KUALA LUMPUR — With the Palestine Solidarity Week in full swing, Malaysia’s Education Minister Fadhlina Sidek has released a list of dos and don’ts for schools organising events for the week-long campaign.
According to the guidelines released on Monday (Oct 30) on X (formerly known as Twitter), “refraining from extremist rhetoric” tops the list of don’ts, with firearms and weapons that could be seen as symbols of provocation and violence being expressly prohibited.
Notably, the guideline also noted that it should not be “heavily one-sided” and urged institutions to provide a fair perspective on the ongoing issue even though the purpose of the programme was to show solidarity to Palestine.

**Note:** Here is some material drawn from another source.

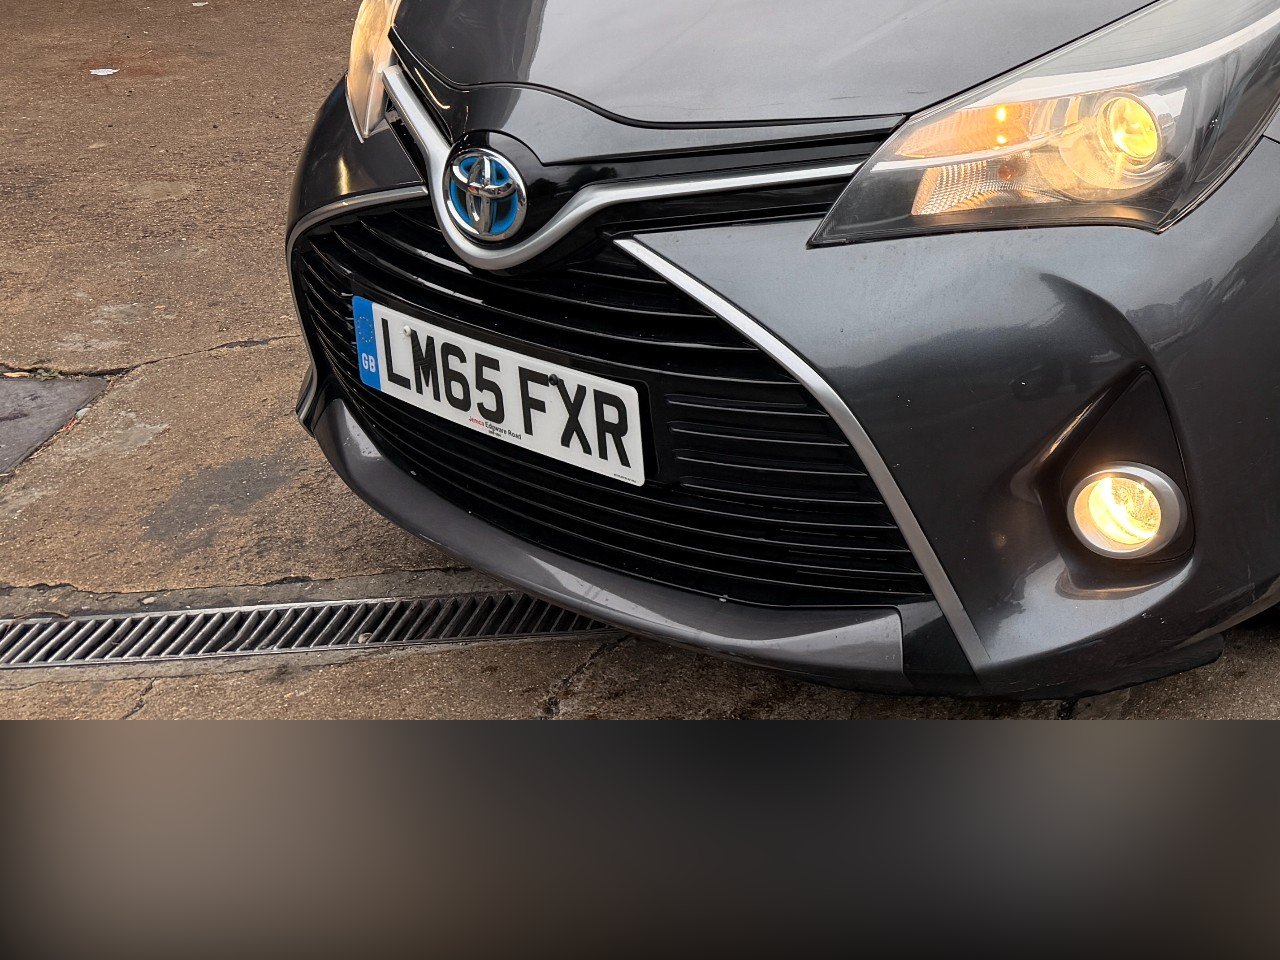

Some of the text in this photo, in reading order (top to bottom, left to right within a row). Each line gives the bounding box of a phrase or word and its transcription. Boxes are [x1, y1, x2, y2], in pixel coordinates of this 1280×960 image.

[361, 352, 376, 371] GB
[381, 318, 631, 468] LM65 FXR
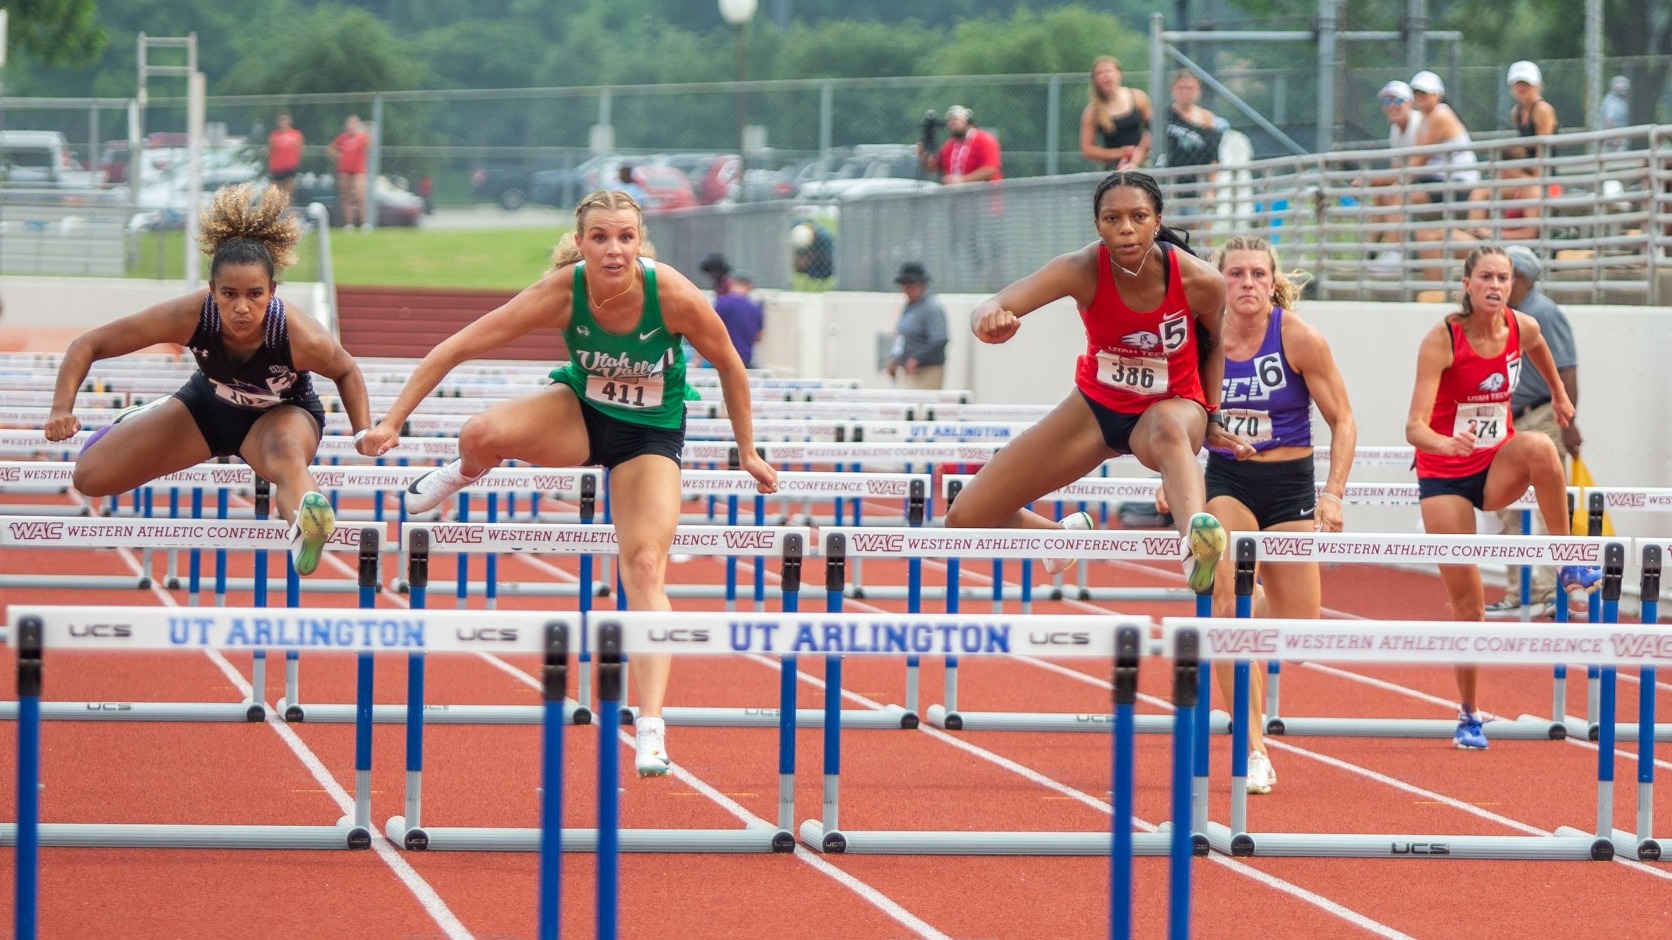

The guideline also called for participants to avoid blaming any community or religion, such as typecasting any group of people or faith for policies and decisions made by individuals.
Other don’ts include refraining from manipulating facts, avoiding activities that may incite confrontation and partisan politics, and avoiding the use of symbols that can cause controversies.
As for the recommendations, Ms Fadhlina advised participants to focus on humanitarian values and peace, even going as far as to suggest inviting speakers who could share factual statements on the ongoing conflict.
She also advised participants to promote understanding by portraying Palestine in its current state and hold charity drives.
Open dialogue to discuss the issue from various perspectives are also welcomed, Ms Fadhlina said.
On Oct 26, the ministry announced a Palestine Solidarity Week will be held at all education institutions nationwide under the ministry’s purview from Oct 29 to Nov 3.
Calling it a necessary intervention to be implemented among students, the ministry said that the programme is in support of the Malaysian government’s stance to continue together defending the rights and freedom of the Palestinian people.
However, controversy erupted last week over the initiative when pictures and videos emerged online of school students wearing the Palestinian keffiyeh (traditional Middle Eastern headdress) and brandishing replica guns, including some that showed the children pretending to shoot imaginary targets.
This caused Malaysian Prime Minister Anwar Ibrahim to say that such events must be closely monitored to prevent things from going out of control.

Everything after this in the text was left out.